In den 90er Jahren formulierten der Linguist George Lakoff und der Philosoph Mark Johnson in ihrem Buch „Living in Metaphors“ die These, dass Metaphern mehr sind als ein rhetorisches Mittel. Ihrer Ansicht nach bestimmen Metaphern grundlegende Züge unserer Wahrnehmung und Wirklichkeit. Das Gefäß als Metapher für ein Verständnis vom Raum stammt ebenso von den beiden Herren.
Letztes Jahr hat Eleni Wittbrodt in mehreren Ausstellungen großformatige Zeichnungen von Gefäßen gezeigt. Diese Zeichnungen erinnern den Betrachter allein durch ihr Sujet an die „natura morta“ von Giorgio Morandi. Während Morandis Darstellungen von Gefäßen stets in Gruppenformationen auftreten, bleiben die Gefäße bei Wittbrodt alleine. Selbst wenn zwei Gefäße nebeneinander darstellt sind, so wird man den Eindruck nicht los, dass sich eins von beiden auf das Papier verirrt hat und das Weite suchen möchte. Die Bilder Morandis, berühmt für ihren spröden Farbauftrag, lassen in diesem ihre Konturen verschwimmen.

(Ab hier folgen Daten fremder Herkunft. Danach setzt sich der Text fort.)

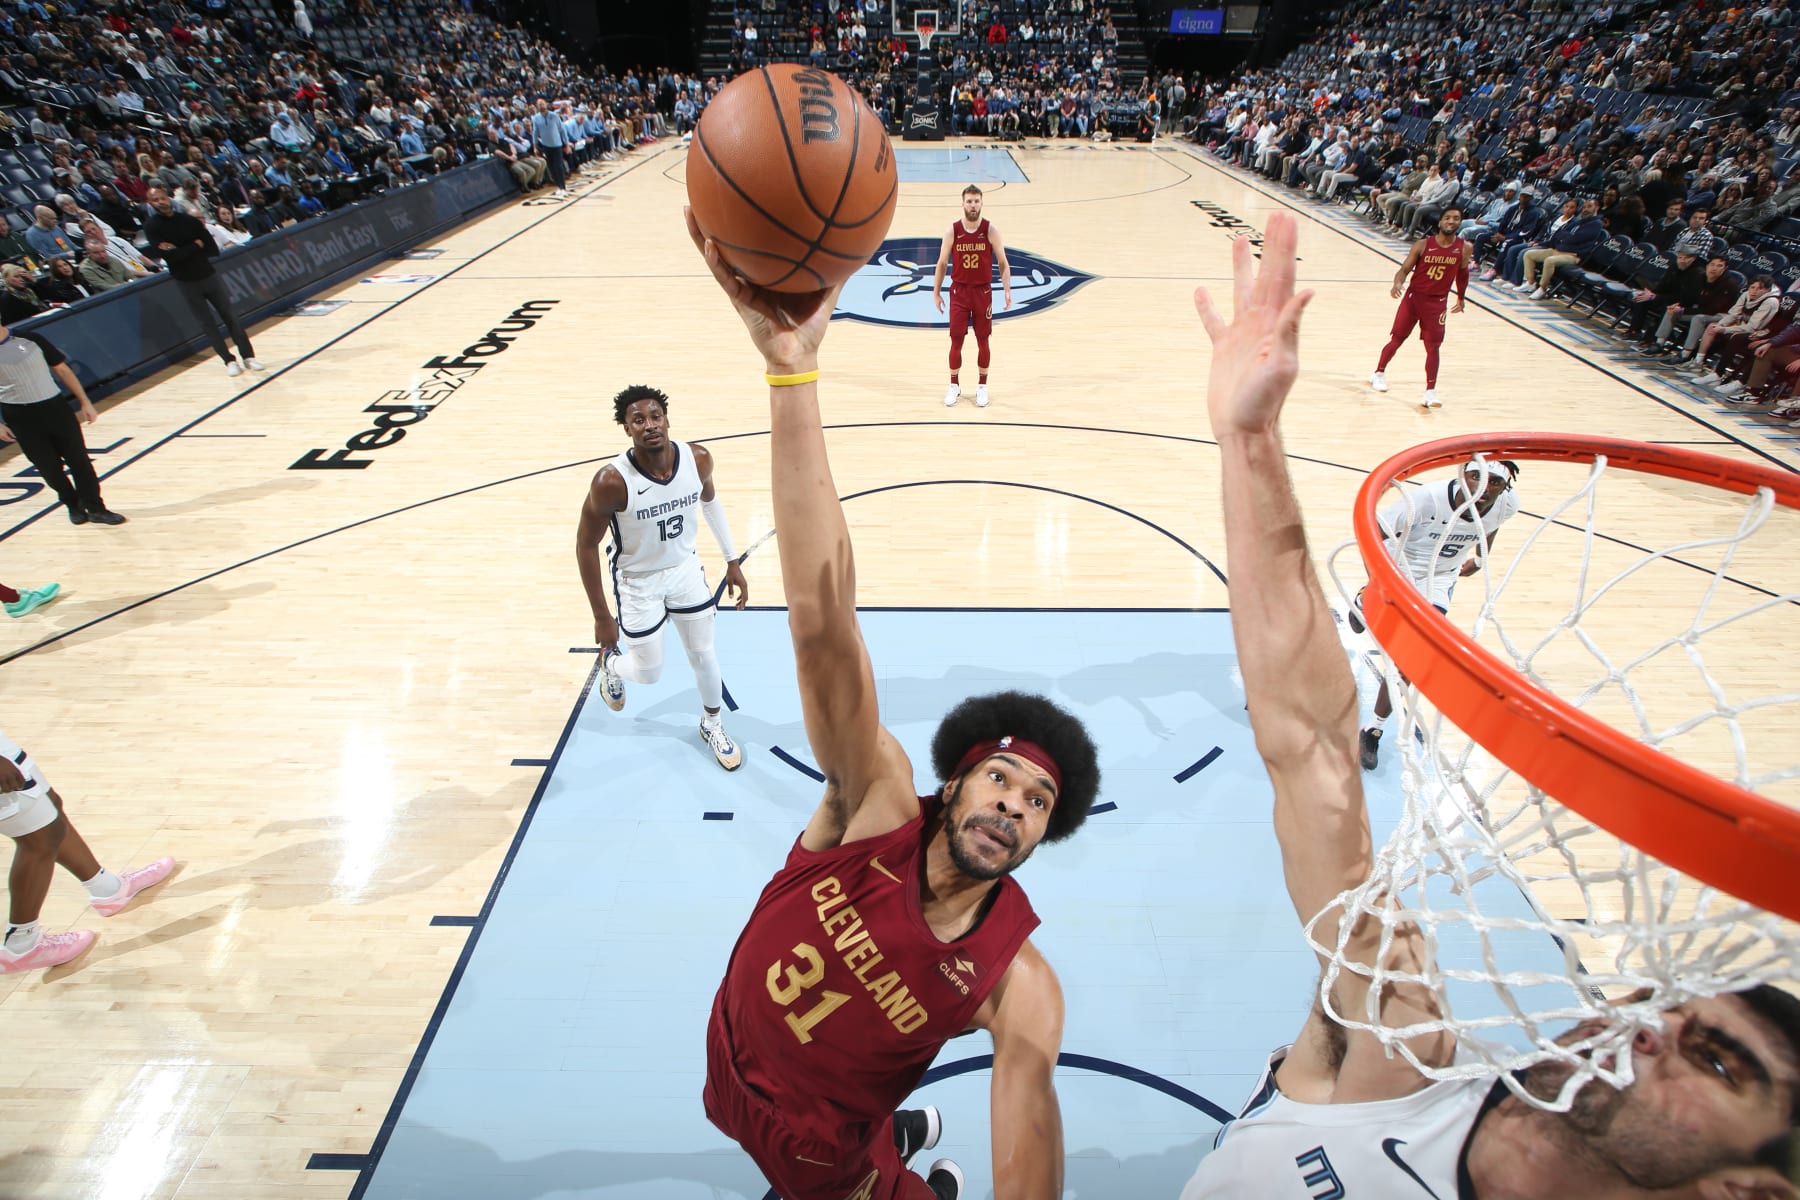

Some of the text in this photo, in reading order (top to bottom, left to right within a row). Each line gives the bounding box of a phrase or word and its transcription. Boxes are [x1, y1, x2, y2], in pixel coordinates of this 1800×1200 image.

[1178, 16, 1214, 33] cigna
[914, 117, 935, 125] SONIC
[304, 231, 350, 267] Bank
[343, 223, 380, 251] Easy
[956, 243, 986, 252] CLEVELAND
[963, 254, 979, 269] 32
[1424, 255, 1457, 265] CLEVELAND
[1427, 265, 1446, 280] 45
[287, 300, 560, 470] FedExForum
[636, 491, 698, 520] MEMPHIS
[656, 514, 684, 541] 13
[811, 875, 928, 1034] CLEVELAND
[940, 962, 970, 995] CLIFFS
[766, 942, 852, 1045] 31
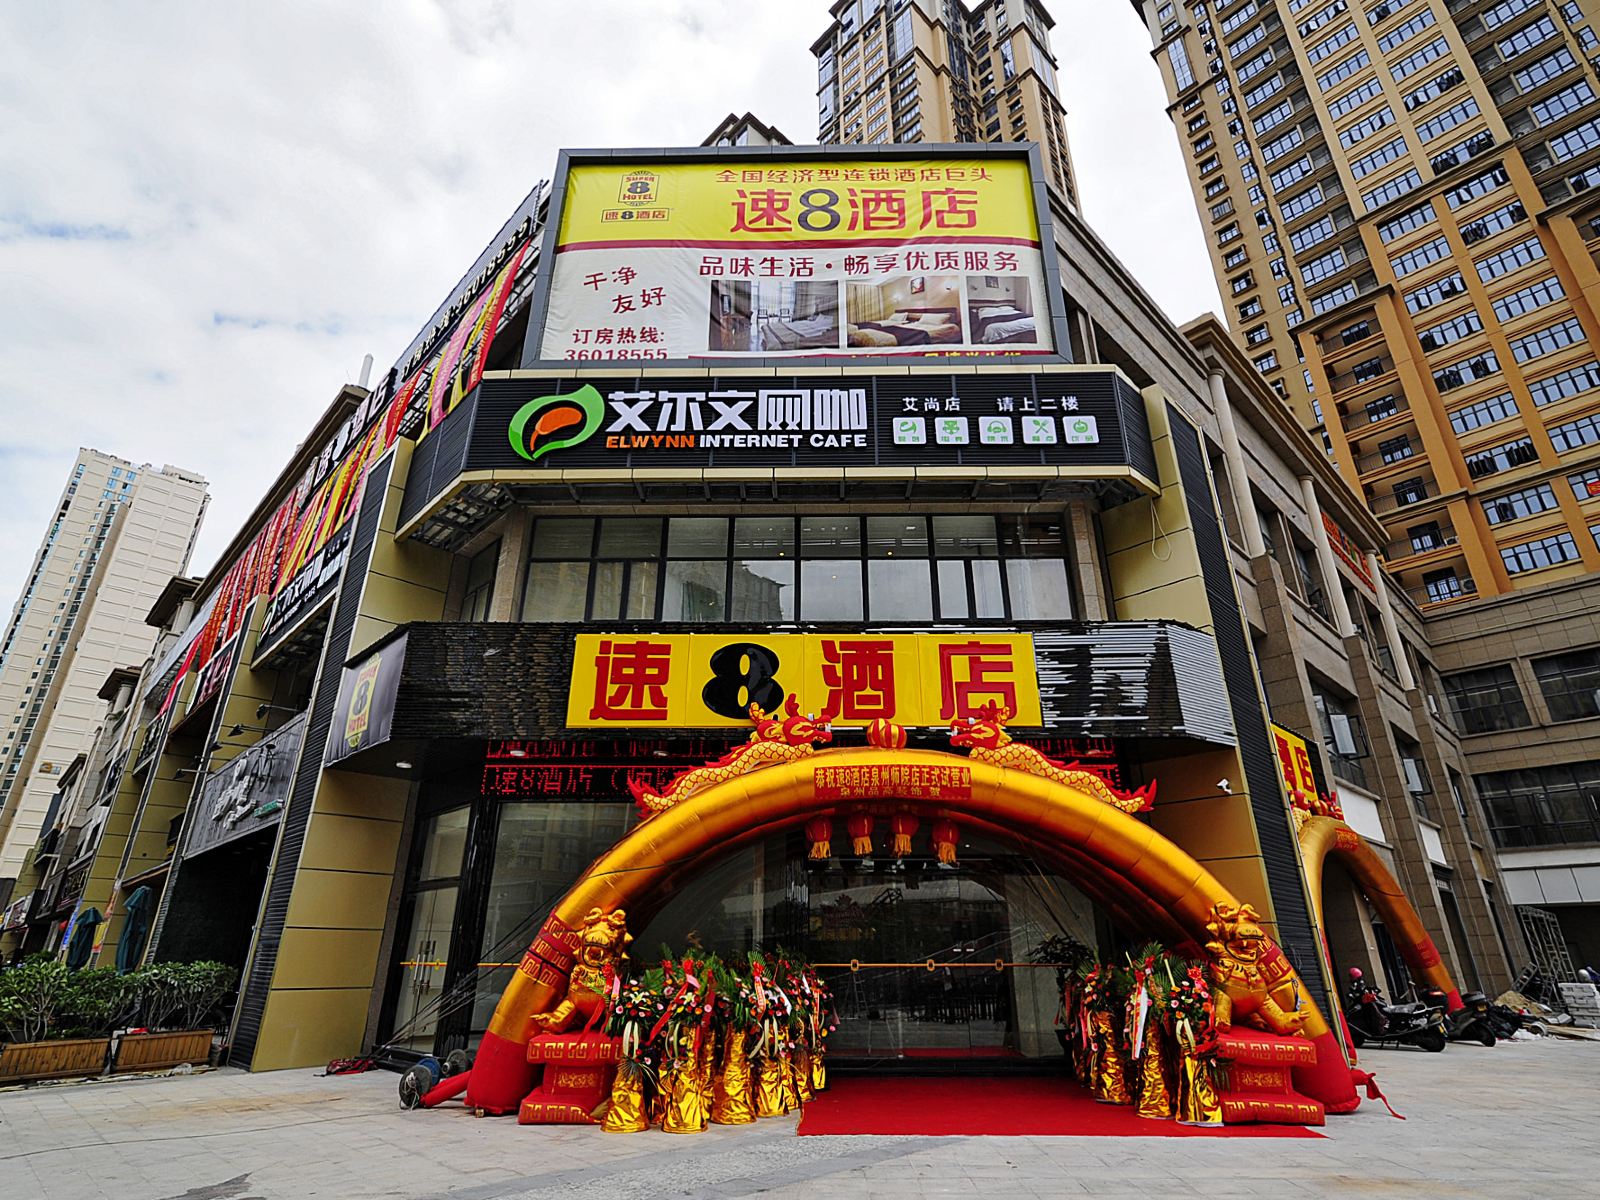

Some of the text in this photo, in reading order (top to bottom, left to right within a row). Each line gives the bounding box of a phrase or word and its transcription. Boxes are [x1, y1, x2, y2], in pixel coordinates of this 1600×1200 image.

[715, 167, 994, 183] 全国经济型连锁酒店巨头
[627, 181, 650, 195] 8
[730, 187, 979, 233] 速8酒店
[611, 287, 667, 314] 友好
[564, 348, 668, 360] 36018555
[605, 389, 868, 433] 艾尔文网咖
[902, 396, 1080, 412] 艾尚店 请上二楼
[606, 433, 868, 449] ELWYNN INTERNET CAFE
[589, 640, 1019, 720] 速8酒店
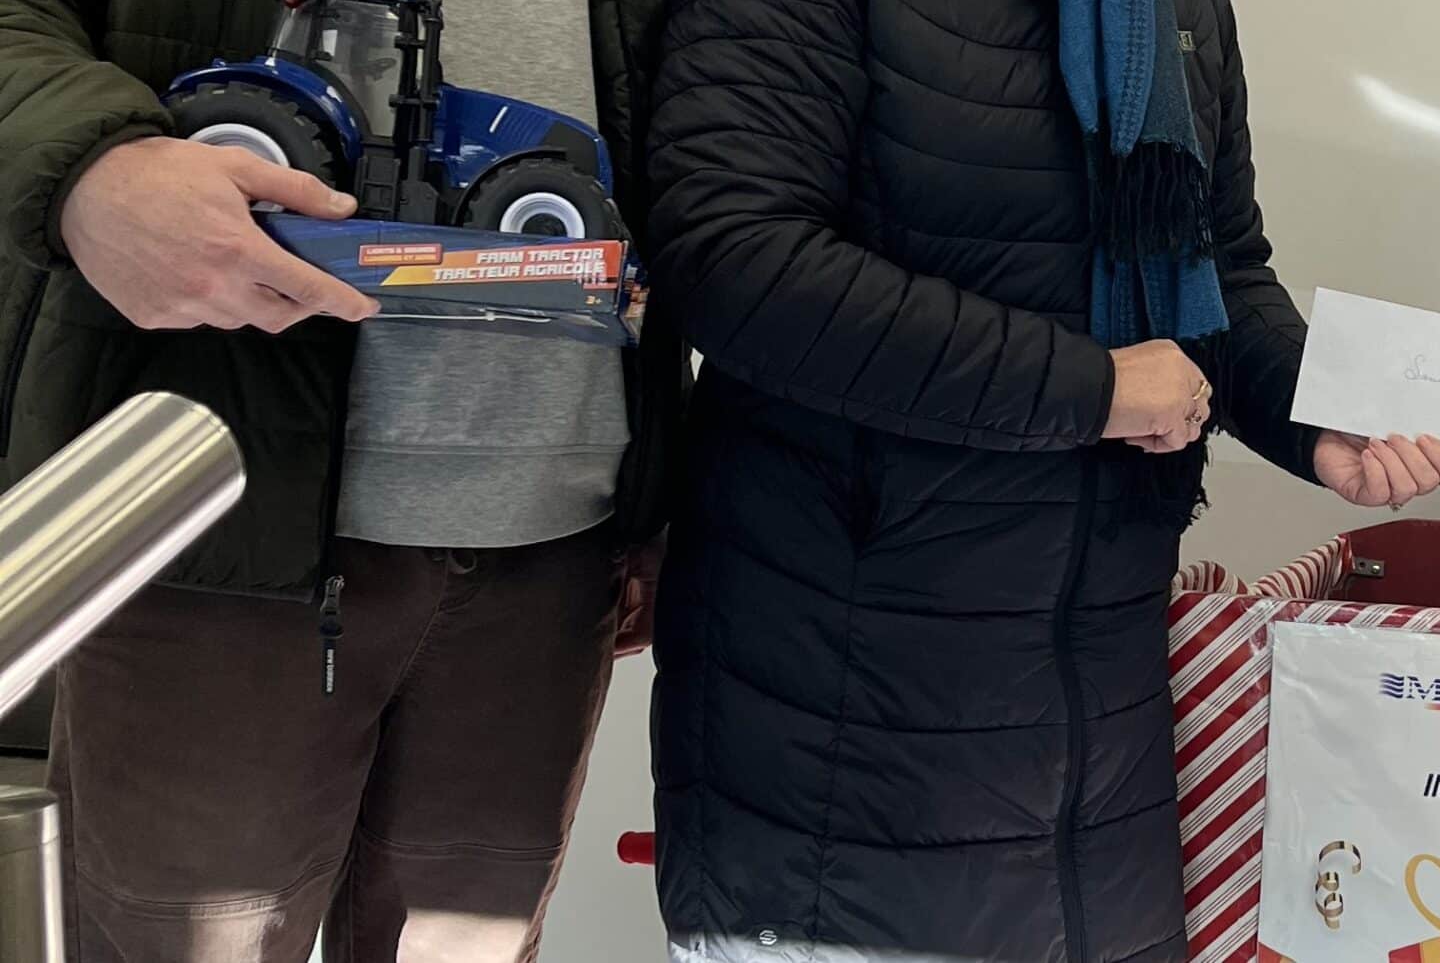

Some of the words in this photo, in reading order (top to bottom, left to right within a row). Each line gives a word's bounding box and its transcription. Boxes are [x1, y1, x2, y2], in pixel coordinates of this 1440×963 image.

[476, 251, 524, 264] FARM
[528, 248, 604, 262] TRACTOR
[432, 265, 519, 281] TRACTEUR
[523, 261, 606, 277] AGRICOLE
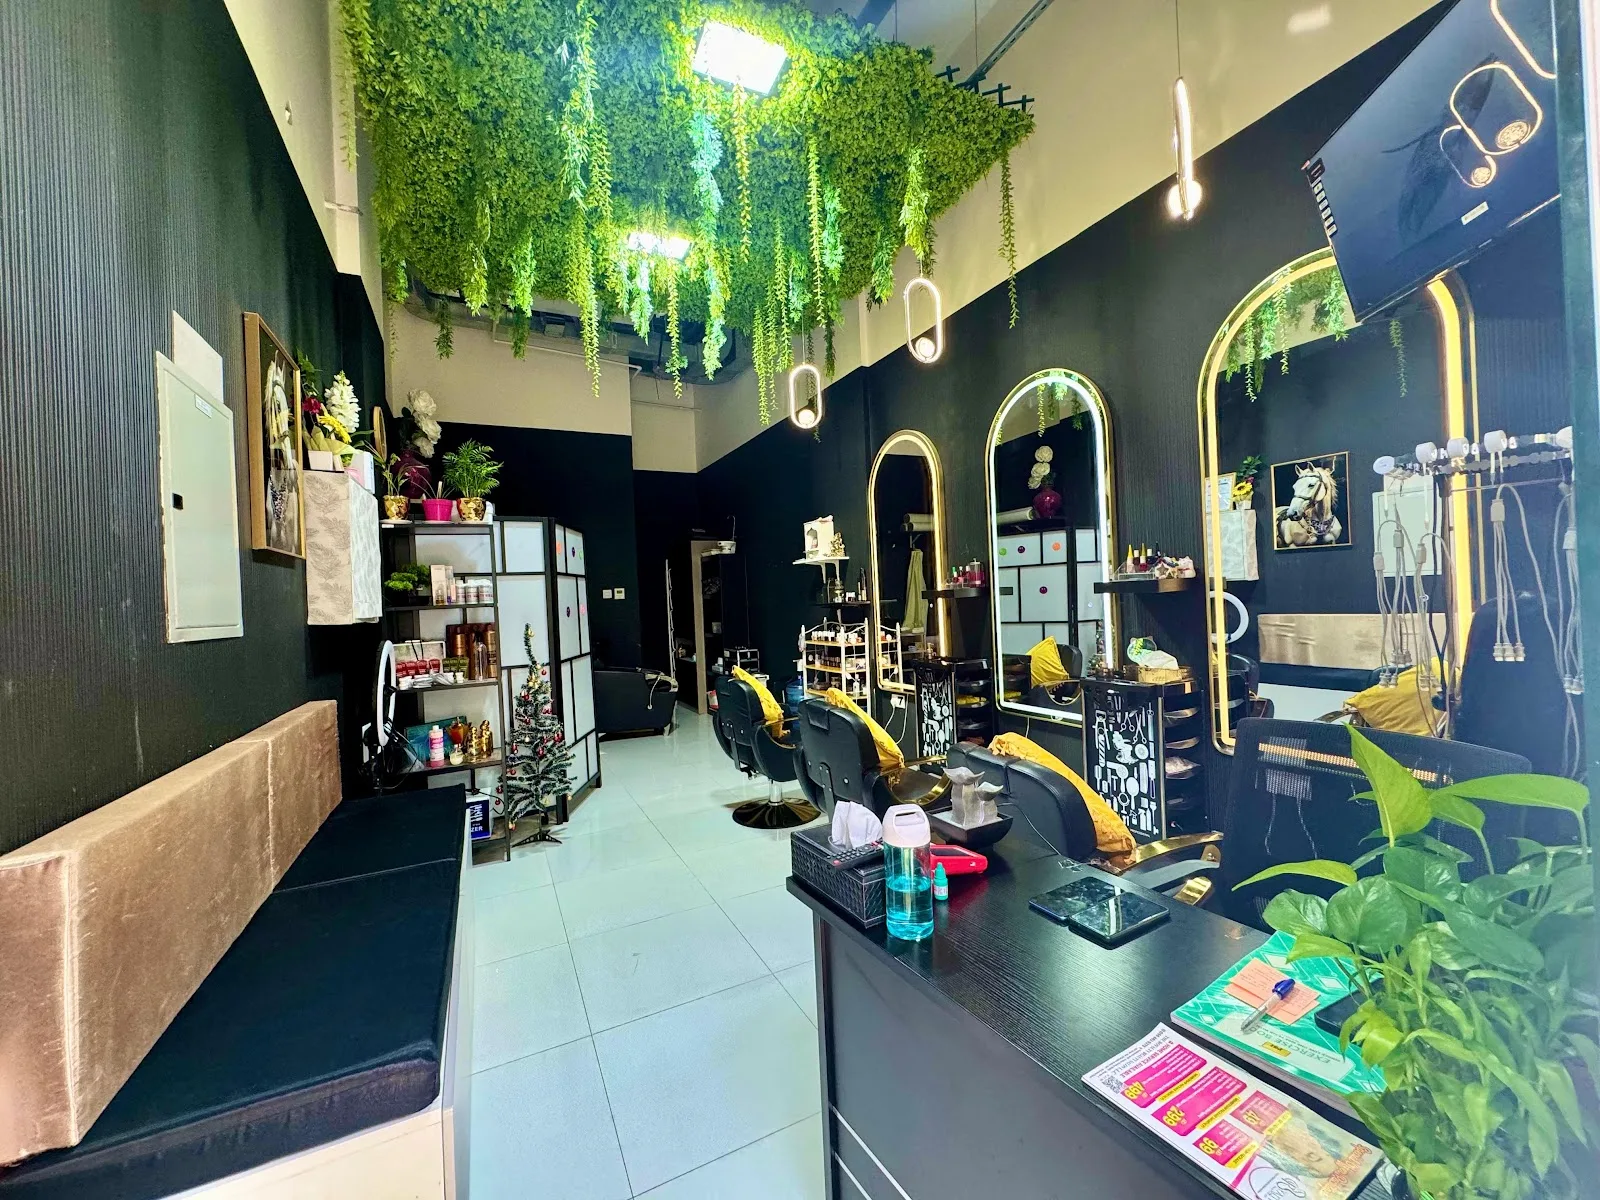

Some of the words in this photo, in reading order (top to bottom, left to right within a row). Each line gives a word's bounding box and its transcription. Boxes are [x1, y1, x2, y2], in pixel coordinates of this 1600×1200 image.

[1156, 1043, 1171, 1053] HOME
[1273, 1038, 1331, 1064] EXERCISE
[1140, 1051, 1159, 1064] SERVICE
[1119, 1061, 1143, 1079] AVAILABLE
[1124, 1081, 1146, 1101] 499
[1162, 1106, 1185, 1128] 299
[1243, 1111, 1260, 1125] 49
[1199, 1137, 1219, 1155] 99
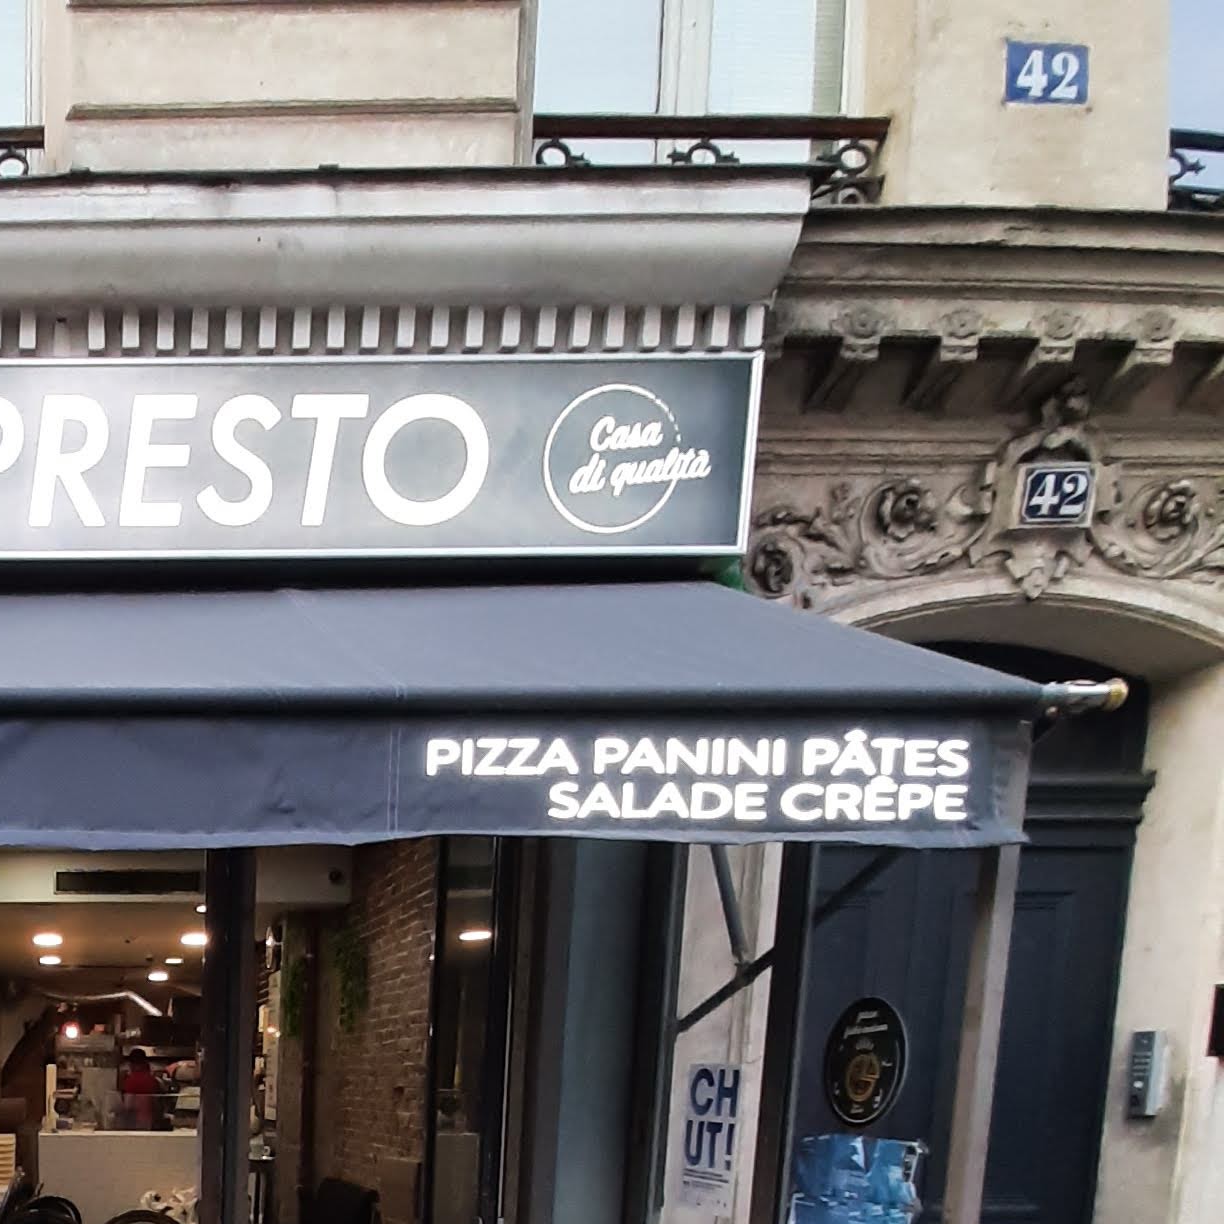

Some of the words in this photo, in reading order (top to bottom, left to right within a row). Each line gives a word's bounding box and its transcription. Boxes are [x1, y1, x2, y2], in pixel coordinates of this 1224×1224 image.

Die statischen Objekte wirken dadurch beweglich, fast organisch und stellen die Definition dessen, was wir traditionellerweise als Stillleben verstehen, in den Schatten. Dahingegen sind es gerade die Konturen, die bei Eleni Wittbrodts Darstellungen eine tragende Rolle einnehmen – bestehen diese Zeichnung meist nur aus diesen Linien, die mit Tusche auf Papier aufgetragen wurden. Diese Linien sind aber keinesfalls geometrisch ausgeführt, sondern sind vielmehr das Protokoll einer Bewegung. Man sieht ihnen die Schnelligkeit an, in der sie entstanden sind. Indem die Eleni Wittbrodt diese Zeichnungen auch noch auf Haufen stapelt, wirken sie wie ein ganzes Archiv an Gesten. Der Betrachter blickt nicht auf Zeichnungen, die sorgfältig gerahmt an die Wand gehängt sind, sondern auf Stapel, die auf dem Boden zerstreut liegen. Blätter, die aufeinanderliegen und sich überlagern. Eine Reihe von Reihungen und das Potential von unendlichen Ordnungssystemen, wenn es diese denn wirklich gibt. Fast wirkt es, als ob die Zeichnungen nur zufällig dort liegen und jemand sie gleich abholen wird, um sie an einen anderen Ort zu bringen. Obwohl sie den Raum einnehmen, wird ihnen somit eine eigentümliche Form von Präsenz zu teil, die man für gewöhnlich nicht mit bildhauerischen Arbeiten in Verbindung setzen würde: Indem die Zeichnungen auf dem Boden liegen, schwebt der Blick über ihnen auf der Suche nach etwas, woran er sich auf Augenhöhe festhalten kann. Doch genau darin liegt der Clou dieser Arbeit.
Der Begriff „Blickfeld“ impliziert bereits die territoriale Begrenzung unseres Sehens. Eleni Wittbrodts Arbeiten widmen sich genau dieser Grenzziehung und versuchen ihm Abhilfe zu verschaffen. Der Blick braucht einen Bezugspunkt, der auf ihn zukommt und ist irritiert, wenn er diesen nicht vorfindet. Diese Zeichnungen wollen keine Orientierung bieten, sondern den Blick für mehr öffnen. In der gleichen Weise wie man ein Handy oder ein Buch betrachten und gegebenenfalls wieder weglegen kann, wollen die Zeichnungen von Eleni Wittbrodt betrachtet werden. Sie sind keine allansichtige Skulptur, die es gilt gekonnt im Raum zu platzieren, damit sie studierbar wird. Die Qualität dieser Zeichnungen liegt darin, dass sie nicht selbstreferentiell sind, sondern stets auf mehr verweisen als es auf den ersten Blick scheinen mag. Sie stellen einen Übersetzungsmodus unserer Wirklichkeit dar und öffnen unser Blickfeld für das, was außerhalb von ihm liegt. Indem Eleni Wittbrodt ihre dargestellten Gegenstände von Gefäßen bis hin zu Grundrissen weiterentwickelt, verweist sie damit wieder zurück auf unser Verständnis von Raum und formt zusätzlich ihre Arbeiten aus dem ältesten Material, das es in der Kunstgeschichte gibt: ihrer Umgebung.